======== DATASET RECORDS

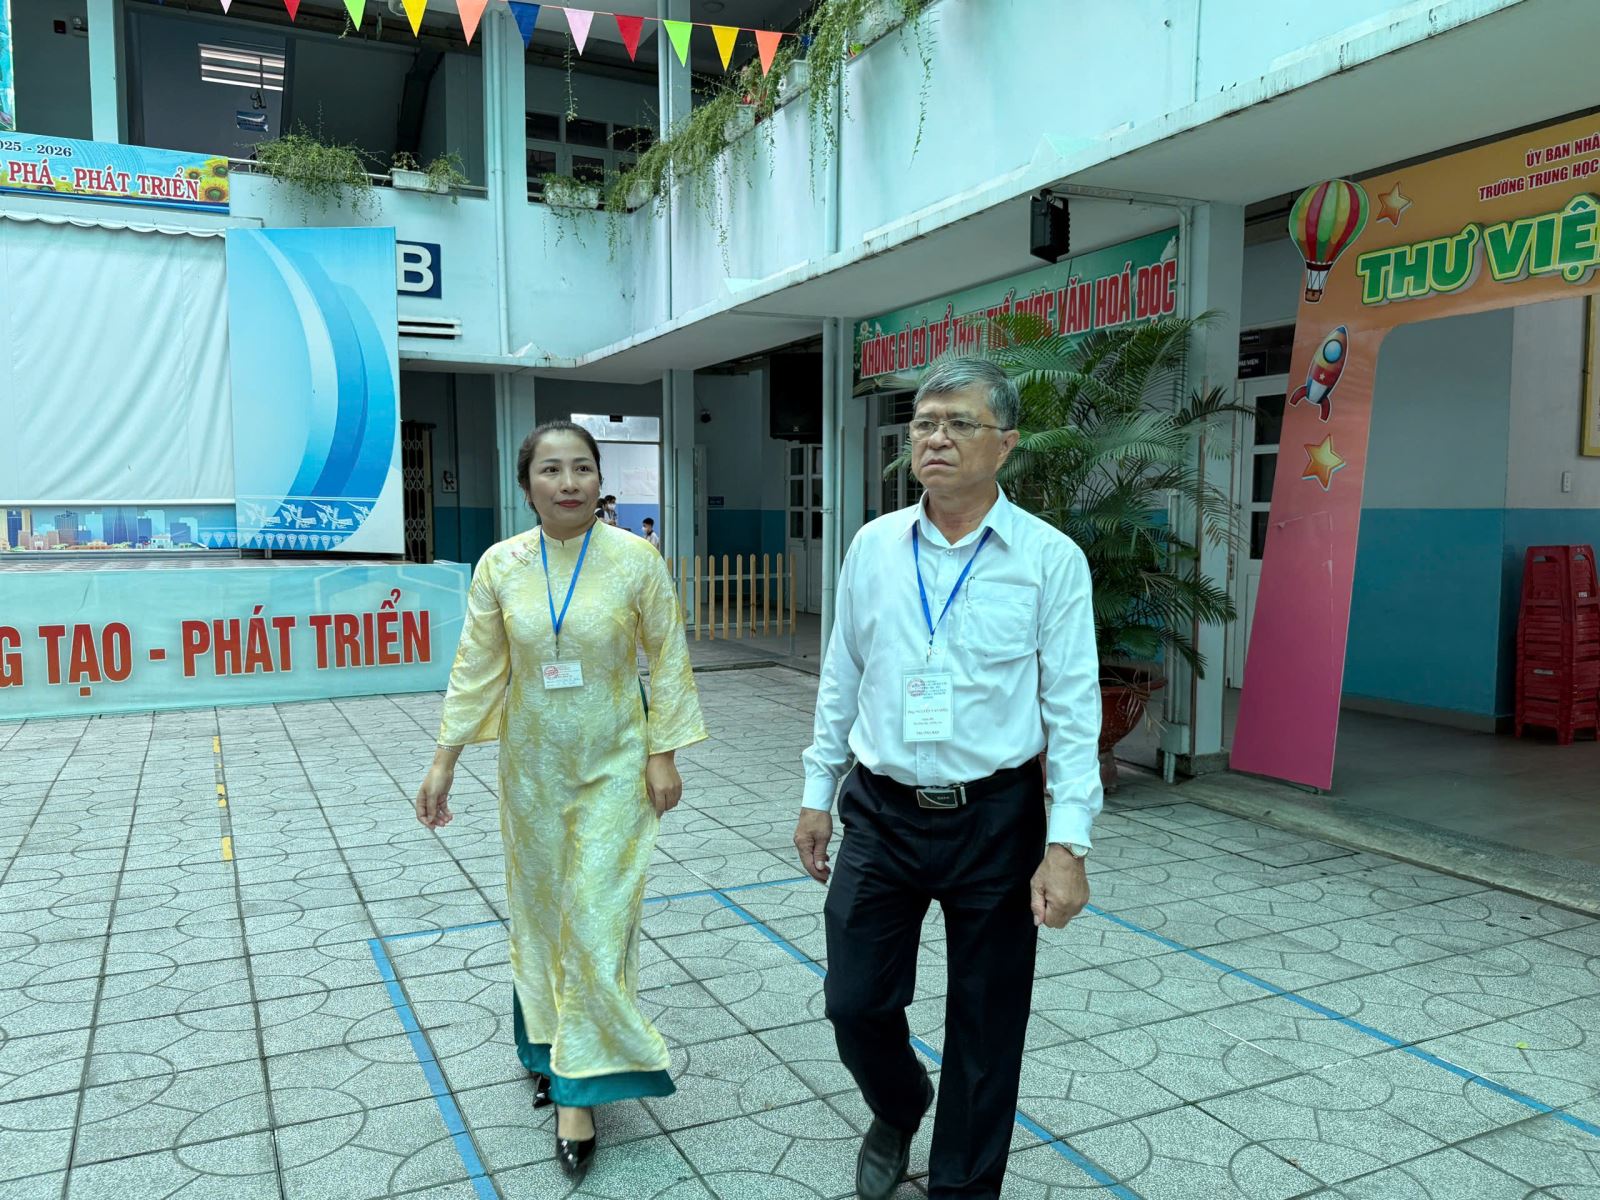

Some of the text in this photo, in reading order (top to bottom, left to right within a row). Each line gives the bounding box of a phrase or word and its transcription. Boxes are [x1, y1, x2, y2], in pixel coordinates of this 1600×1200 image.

[37, 144, 72, 157] 2026
[1545, 142, 1571, 162] BAN
[8, 158, 54, 185] PHÁ
[74, 166, 130, 193] PHÁT
[137, 167, 200, 200] TRIỂN
[1478, 158, 1599, 201] TRƯỜNG TRUNG HỌC
[396, 243, 434, 293] B
[1358, 195, 1600, 303] THƯ VIỆ
[861, 329, 895, 379] KHÔNG
[897, 323, 909, 370] GÌ
[911, 318, 926, 368] CÓ
[928, 303, 952, 362] THỂ
[1056, 277, 1092, 338] VĂN
[1095, 261, 1132, 329] HOÁ
[1136, 259, 1177, 325] ĐỌC
[38, 621, 133, 698] TẠO
[149, 648, 166, 661] -
[181, 604, 297, 678] PHÁT
[309, 588, 432, 670] TRIỂN
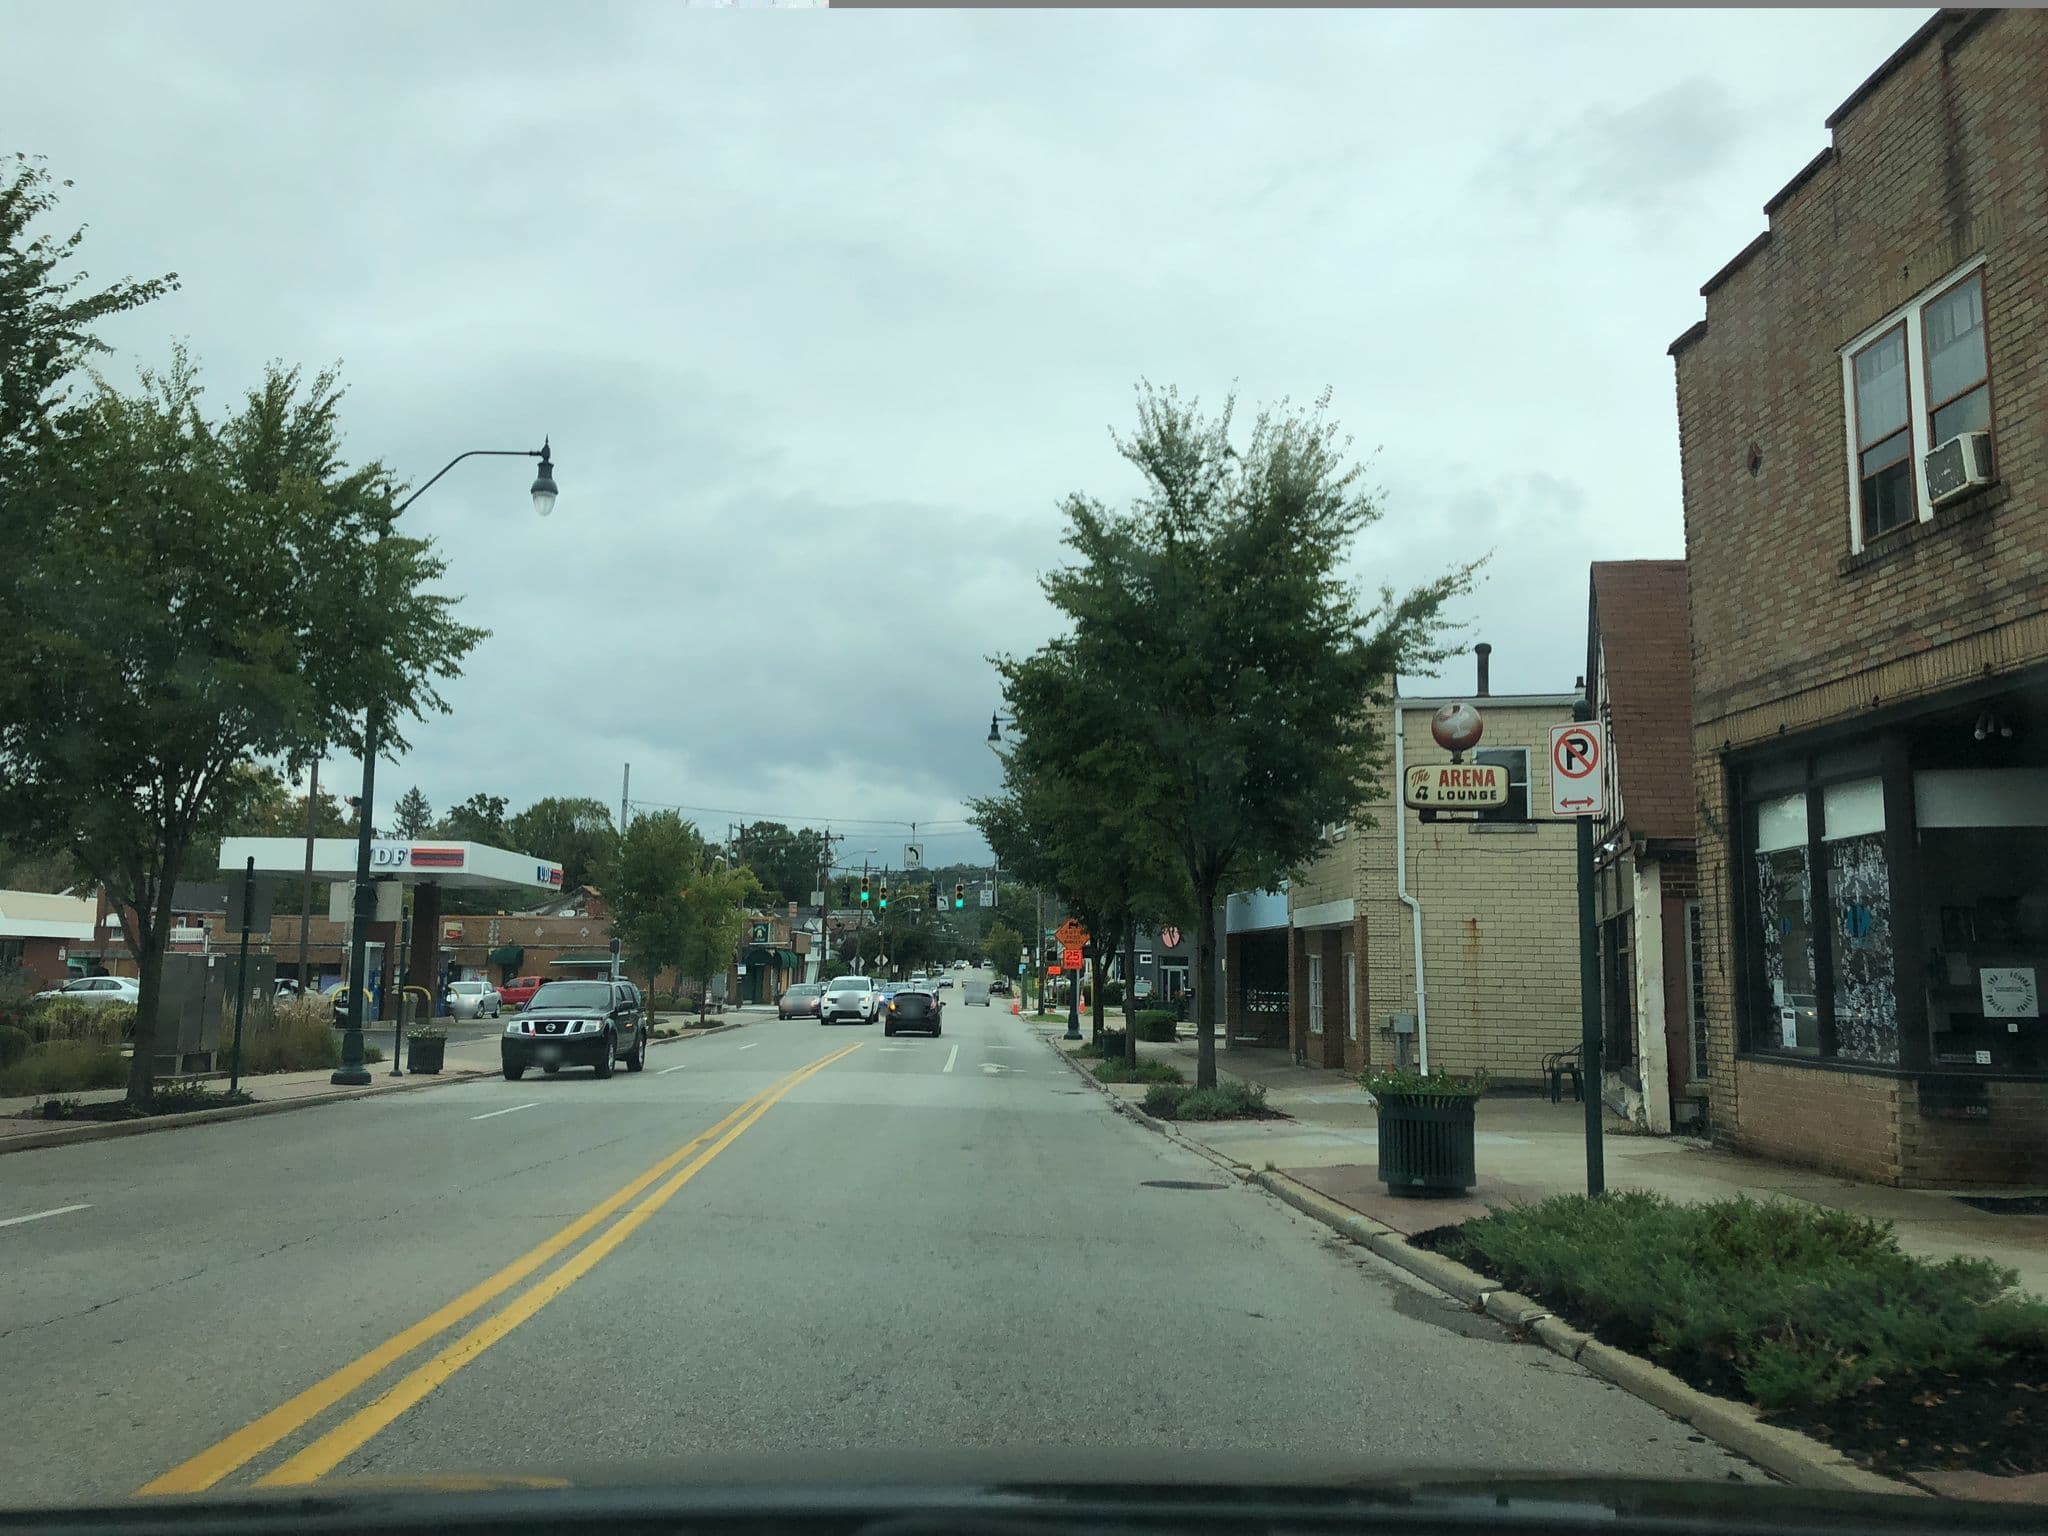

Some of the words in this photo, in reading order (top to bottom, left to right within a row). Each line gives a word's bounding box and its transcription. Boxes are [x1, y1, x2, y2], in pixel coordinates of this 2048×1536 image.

================

Set down the whole listing exactly as given, except for the pictures.

Some of the text in this photo, in reading order (top to bottom, left to right within a row). Each line gives the bounding box of a phrase or word and its transcription. Boxes are [x1, y1, x2, y2], in pixel coordinates of this 1600×1200 image.

[37, 144, 72, 157] 2026
[1545, 142, 1571, 162] BAN
[8, 158, 54, 185] PHÁ
[74, 166, 130, 193] PHÁT
[137, 167, 200, 200] TRIỂN
[1478, 158, 1599, 201] TRƯỜNG TRUNG HỌC
[396, 243, 434, 293] B
[1358, 195, 1600, 303] THƯ VIỆ
[861, 329, 895, 379] KHÔNG
[897, 323, 909, 370] GÌ
[911, 318, 926, 368] CÓ
[928, 303, 952, 362] THỂ
[1056, 277, 1092, 338] VĂN
[1095, 261, 1132, 329] HOÁ
[1136, 259, 1177, 325] ĐỌC
[38, 621, 133, 698] TẠO
[149, 648, 166, 661] -
[181, 604, 297, 678] PHÁT
[309, 588, 432, 670] TRIỂN

Some of the words in this photo, in reading order (top to bottom, left to right within a row). Each line gives a word's bounding box and its transcription. Boxes are [x1, y1, x2, y2], in pixel coordinates of this 2048×1536 image.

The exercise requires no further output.